American electronic music record label

Moonshine Music was an electronic music record label founded by Steve Levy and Ricardo Vinas, in Los Angeles in 1992, and later headquartered in West Hollywood, California. Moonshine released over 250 compilations albums, many of which were DJ mixed. Moonshine helped to launch the career of DJ Keoki produced by Grammy Winning producer Dave Audé (who was one of the first bands signed to Moonshine with his and Levy's band Lunatic Fringe).

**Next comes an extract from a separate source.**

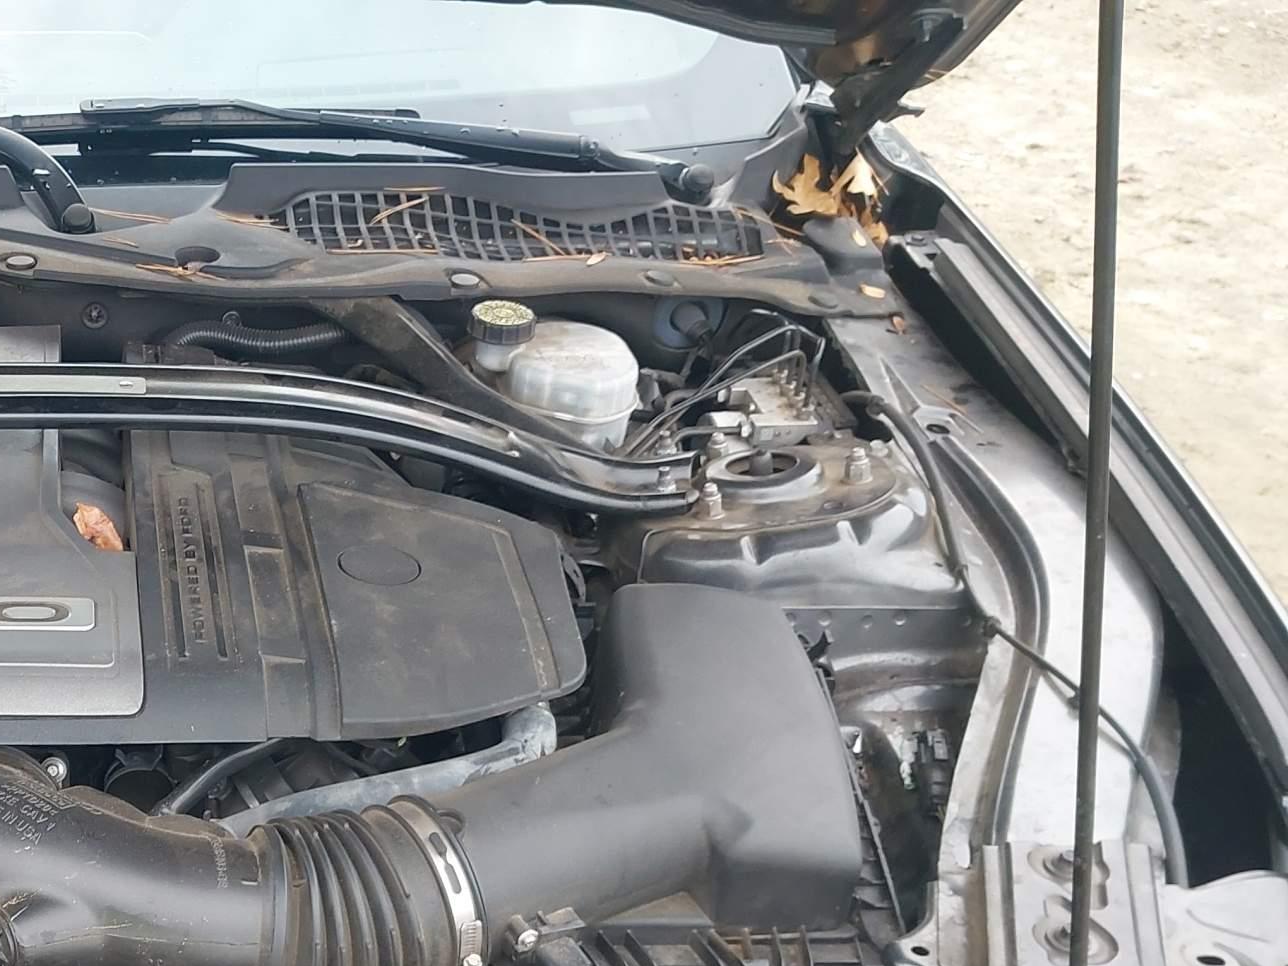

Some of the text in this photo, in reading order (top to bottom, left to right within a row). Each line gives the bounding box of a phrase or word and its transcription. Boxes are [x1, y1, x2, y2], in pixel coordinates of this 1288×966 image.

[183, 540, 198, 561] BY
[1, 809, 19, 826] IN
[16, 819, 43, 845] USA

By publishing the work of British audiovisual artists Addictive TV, Moonshine became one of the first US dance labels to release a DVD.

Among Moonshine's other artists include Kellee, D:Fuse, DJ Micro, AK1200, DJ Baby Anne, DJ Dara, DJ John Kelley, Dieselboy, Freaky Flow, Cirrus, Anabolic Frolic, Ferry Corsten, DJ Feelgood, Christopher Lawrence, Tall Paul, & DJ Dan.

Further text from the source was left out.